DiapDealer 11-20-2018 09:55 AM

No problem. But keep in mind that there's really no difference between the unicode character and the html entity in terms of what ADE is capable of inherently displaying. The glyphs are either included in the available fonts on the reader (or in the app), or they are not. If you're not using embedded fonts for certain characters, using the html entity for those characters will not make them magically show up where the same unicode character fails to properly display. If the glyph is not included in ADE's default fonts, embedding is the only way you can guarantee them to display properly.

In short: Sigil changing your html entity to a unicode character is not the reason the character doesn't display in different rendering engines. They don't display because the font sets in those different engines don't include the glyph for the character you want to show. You need to embed a font that includes all the special characters you require for your content.

Tex2002ans 11-20-2018 04:16 PM

Quote:

Originally Posted by DiapDealer (Post 3776558)
You need to embed a font that includes all the special characters you require for your content.

:thumbsup: For Maths-heavy documents, there's the "STIX Two Text" + "STIX Two Math" fonts:

https://stixfonts.org/

They include every obscure math symbol you'll ever need.
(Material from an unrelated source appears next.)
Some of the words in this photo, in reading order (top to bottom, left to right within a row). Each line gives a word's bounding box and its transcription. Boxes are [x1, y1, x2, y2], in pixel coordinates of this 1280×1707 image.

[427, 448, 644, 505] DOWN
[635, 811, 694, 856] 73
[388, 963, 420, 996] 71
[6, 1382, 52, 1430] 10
Last year someone had issues with the Alef ℵ in their math document, and I gave examples of some code + font embedding:

https://www.mobileread.com/forums/sh...44#post3575244

Just make sure all your math/variables are properly marked up with classes.

un_pogaz 11-21-2018 04:15 AM

I understand that automatically converting all HTML entities to their Unicode character is more readable.
However, if we have written an HTML entity (and more specifically a Unicode Entity ) it is because we want it as it is.
So seeing them disappear automatically is a bad surprise.
This is especially troublesome for alternative space character ("Narrow No-Break Space" for example) and technical characters.
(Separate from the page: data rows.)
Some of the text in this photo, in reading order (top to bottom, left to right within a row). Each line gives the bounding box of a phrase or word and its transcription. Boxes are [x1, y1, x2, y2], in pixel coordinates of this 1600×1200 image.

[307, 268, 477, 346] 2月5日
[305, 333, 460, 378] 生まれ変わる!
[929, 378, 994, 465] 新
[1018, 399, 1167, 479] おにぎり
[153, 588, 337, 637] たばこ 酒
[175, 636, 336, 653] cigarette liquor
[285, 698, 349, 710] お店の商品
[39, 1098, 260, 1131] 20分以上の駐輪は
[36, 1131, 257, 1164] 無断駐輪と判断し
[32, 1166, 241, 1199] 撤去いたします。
It would be nice to have an option to disable the automatic conversion of entities completely (or partially: only Unicode Entities are kept, the other ones are converted)
For me, having to ask the user to manually enter the exceptions (without any other alternative) is not a good feature.
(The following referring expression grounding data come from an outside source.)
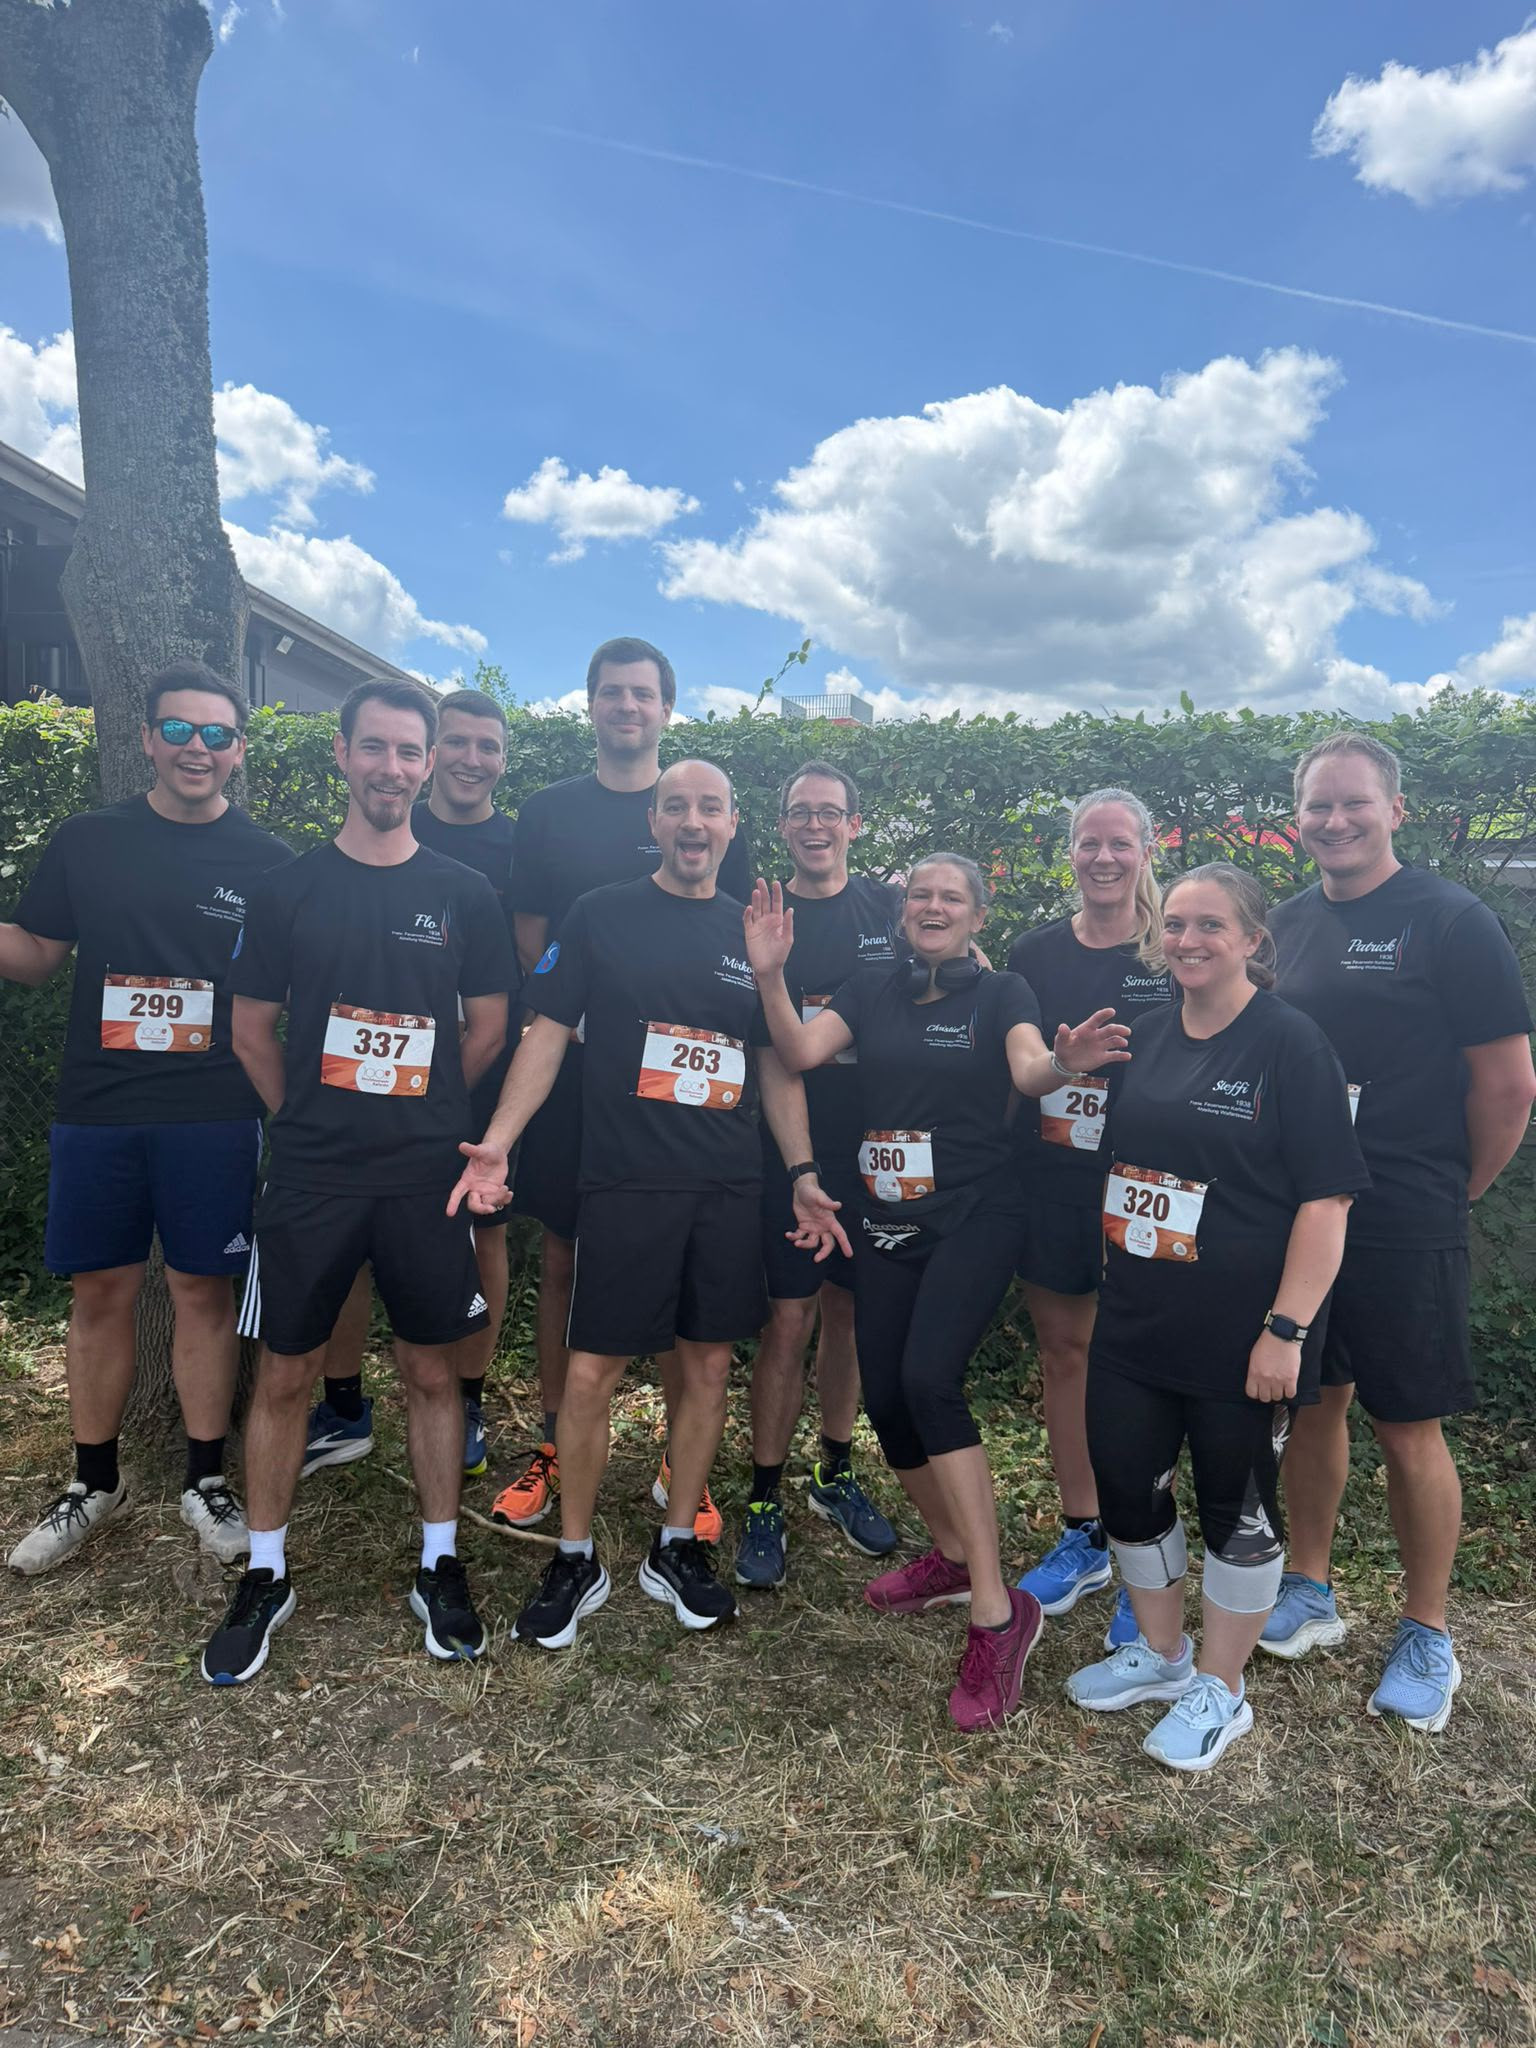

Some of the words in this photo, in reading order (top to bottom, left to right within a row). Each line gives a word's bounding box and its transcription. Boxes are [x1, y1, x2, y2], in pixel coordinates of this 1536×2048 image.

[213, 886, 247, 906] Max
[414, 913, 438, 929] Flo
[858, 933, 888, 949] Jonas
[1347, 938, 1397, 953] Patrick
[721, 955, 753, 974] Mirko
[1122, 975, 1168, 988] Simone
[129, 992, 184, 1019] 299
[353, 1028, 411, 1060] 337
[671, 1043, 721, 1075] 263
[1212, 1080, 1250, 1097] Steffi
[869, 1147, 906, 1172] 360
[1123, 1186, 1170, 1221] 320
[863, 1217, 920, 1232] Reebok
[223, 1244, 250, 1254] adidas
[467, 1302, 488, 1318] adidas
DiapDealer 11-21-2018 08:19 AM

It is what it is. There will be no change in this regard. The manual entry of the entities you wish to preserve is the ONLY way we can do it. We didn't decide willy-nilly to convert all entities to characters. The manual method to preserve them WAS the compromise. The only alternative is having no choice whatsoever.

KevinH 11-21-2018 12:13 PM

Then add them to your preseve entities setting and all will be fine. Use only numeric entities for epub3 as named entities are no longer allowed under html5.
Nothing is lost as the conversion to and from entities is a one to one mapping. Your settings will be respected.


Quote:

Originally Posted by un_pogaz (Post 3776876)
I understand that automatically converting all HTML entities to their Unicode character is more readable.
However, if we have written an HTML entity (and more specifically a Unicode Entity ) it is because we want it as it is.
So seeing them disappear automatically is a bad surprise.
This is especially troublesome for alternative space character ("Narrow No-Break Space" for example) and technical characters.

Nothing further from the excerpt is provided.